(Spatial localization data)
---
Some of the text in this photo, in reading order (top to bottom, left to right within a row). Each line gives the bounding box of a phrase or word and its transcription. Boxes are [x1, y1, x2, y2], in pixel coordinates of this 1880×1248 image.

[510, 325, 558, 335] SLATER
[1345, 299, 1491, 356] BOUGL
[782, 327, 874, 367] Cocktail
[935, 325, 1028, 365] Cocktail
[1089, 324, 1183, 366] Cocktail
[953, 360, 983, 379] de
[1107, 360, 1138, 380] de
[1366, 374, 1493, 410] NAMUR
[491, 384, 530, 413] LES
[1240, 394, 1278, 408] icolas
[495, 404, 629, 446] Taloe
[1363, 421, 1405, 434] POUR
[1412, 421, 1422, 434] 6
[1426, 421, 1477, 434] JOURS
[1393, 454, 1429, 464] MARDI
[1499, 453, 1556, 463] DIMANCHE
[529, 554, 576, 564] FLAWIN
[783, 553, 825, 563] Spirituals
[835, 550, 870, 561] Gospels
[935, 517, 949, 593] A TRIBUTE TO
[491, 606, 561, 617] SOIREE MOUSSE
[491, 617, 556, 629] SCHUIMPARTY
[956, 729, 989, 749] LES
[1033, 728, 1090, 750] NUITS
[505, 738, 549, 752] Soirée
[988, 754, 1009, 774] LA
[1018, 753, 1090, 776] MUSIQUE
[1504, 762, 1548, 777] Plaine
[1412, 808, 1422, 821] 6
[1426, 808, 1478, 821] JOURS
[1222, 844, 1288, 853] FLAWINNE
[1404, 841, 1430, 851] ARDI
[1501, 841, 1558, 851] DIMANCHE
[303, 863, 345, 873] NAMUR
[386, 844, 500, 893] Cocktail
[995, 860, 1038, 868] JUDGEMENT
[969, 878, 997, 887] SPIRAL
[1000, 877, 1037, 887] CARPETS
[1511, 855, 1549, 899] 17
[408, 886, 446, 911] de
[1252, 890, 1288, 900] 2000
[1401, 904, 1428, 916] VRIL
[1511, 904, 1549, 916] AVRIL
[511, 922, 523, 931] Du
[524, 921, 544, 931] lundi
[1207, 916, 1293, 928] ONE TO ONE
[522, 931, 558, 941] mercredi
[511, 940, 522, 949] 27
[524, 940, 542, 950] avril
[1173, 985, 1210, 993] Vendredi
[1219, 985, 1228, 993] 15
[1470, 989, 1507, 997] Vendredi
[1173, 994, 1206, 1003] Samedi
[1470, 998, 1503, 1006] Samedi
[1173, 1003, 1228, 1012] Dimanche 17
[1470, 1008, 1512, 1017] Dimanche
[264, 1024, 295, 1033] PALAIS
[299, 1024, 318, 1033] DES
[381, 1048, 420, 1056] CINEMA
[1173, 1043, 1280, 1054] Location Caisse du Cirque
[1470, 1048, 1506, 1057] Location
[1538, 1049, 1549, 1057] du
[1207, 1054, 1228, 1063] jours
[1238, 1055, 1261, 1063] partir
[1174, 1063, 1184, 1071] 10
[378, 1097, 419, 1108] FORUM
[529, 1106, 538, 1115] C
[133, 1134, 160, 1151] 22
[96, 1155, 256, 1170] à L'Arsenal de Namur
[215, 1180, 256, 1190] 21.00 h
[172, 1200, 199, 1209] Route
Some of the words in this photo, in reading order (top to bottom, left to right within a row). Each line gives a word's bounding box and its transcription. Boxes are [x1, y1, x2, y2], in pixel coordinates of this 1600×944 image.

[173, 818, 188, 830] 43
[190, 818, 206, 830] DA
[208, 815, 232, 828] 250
---
## Assignment
The data must be duplicated exactly, with nothing left out.

## Response for this exercise
Some of the text in this photo, in reading order (top to bottom, left to right within a row). Each line gives the bounding box of a phrase or word and its transcription. Boxes are [x1, y1, x2, y2], in pixel coordinates of this 1880×1248 image.

[510, 325, 558, 335] SLATER
[1345, 299, 1491, 356] BOUGL
[782, 327, 874, 367] Cocktail
[935, 325, 1028, 365] Cocktail
[1089, 324, 1183, 366] Cocktail
[953, 360, 983, 379] de
[1107, 360, 1138, 380] de
[1366, 374, 1493, 410] NAMUR
[491, 384, 530, 413] LES
[1240, 394, 1278, 408] icolas
[495, 404, 629, 446] Taloe
[1363, 421, 1405, 434] POUR
[1412, 421, 1422, 434] 6
[1426, 421, 1477, 434] JOURS
[1393, 454, 1429, 464] MARDI
[1499, 453, 1556, 463] DIMANCHE
[529, 554, 576, 564] FLAWIN
[783, 553, 825, 563] Spirituals
[835, 550, 870, 561] Gospels
[935, 517, 949, 593] A TRIBUTE TO
[491, 606, 561, 617] SOIREE MOUSSE
[491, 617, 556, 629] SCHUIMPARTY
[956, 729, 989, 749] LES
[1033, 728, 1090, 750] NUITS
[505, 738, 549, 752] Soirée
[988, 754, 1009, 774] LA
[1018, 753, 1090, 776] MUSIQUE
[1504, 762, 1548, 777] Plaine
[1412, 808, 1422, 821] 6
[1426, 808, 1478, 821] JOURS
[1222, 844, 1288, 853] FLAWINNE
[1404, 841, 1430, 851] ARDI
[1501, 841, 1558, 851] DIMANCHE
[303, 863, 345, 873] NAMUR
[386, 844, 500, 893] Cocktail
[995, 860, 1038, 868] JUDGEMENT
[969, 878, 997, 887] SPIRAL
[1000, 877, 1037, 887] CARPETS
[1511, 855, 1549, 899] 17
[408, 886, 446, 911] de
[1252, 890, 1288, 900] 2000
[1401, 904, 1428, 916] VRIL
[1511, 904, 1549, 916] AVRIL
[511, 922, 523, 931] Du
[524, 921, 544, 931] lundi
[1207, 916, 1293, 928] ONE TO ONE
[522, 931, 558, 941] mercredi
[511, 940, 522, 949] 27
[524, 940, 542, 950] avril
[1173, 985, 1210, 993] Vendredi
[1219, 985, 1228, 993] 15
[1470, 989, 1507, 997] Vendredi
[1173, 994, 1206, 1003] Samedi
[1470, 998, 1503, 1006] Samedi
[1173, 1003, 1228, 1012] Dimanche 17
[1470, 1008, 1512, 1017] Dimanche
[264, 1024, 295, 1033] PALAIS
[299, 1024, 318, 1033] DES
[381, 1048, 420, 1056] CINEMA
[1173, 1043, 1280, 1054] Location Caisse du Cirque
[1470, 1048, 1506, 1057] Location
[1538, 1049, 1549, 1057] du
[1207, 1054, 1228, 1063] jours
[1238, 1055, 1261, 1063] partir
[1174, 1063, 1184, 1071] 10
[378, 1097, 419, 1108] FORUM
[529, 1106, 538, 1115] C
[133, 1134, 160, 1151] 22
[96, 1155, 256, 1170] à L'Arsenal de Namur
[215, 1180, 256, 1190] 21.00 h
[172, 1200, 199, 1209] Route
Some of the words in this photo, in reading order (top to bottom, left to right within a row). Each line gives a word's bounding box and its transcription. Boxes are [x1, y1, x2, y2], in pixel coordinates of this 1600×944 image.

[173, 818, 188, 830] 43
[190, 818, 206, 830] DA
[208, 815, 232, 828] 250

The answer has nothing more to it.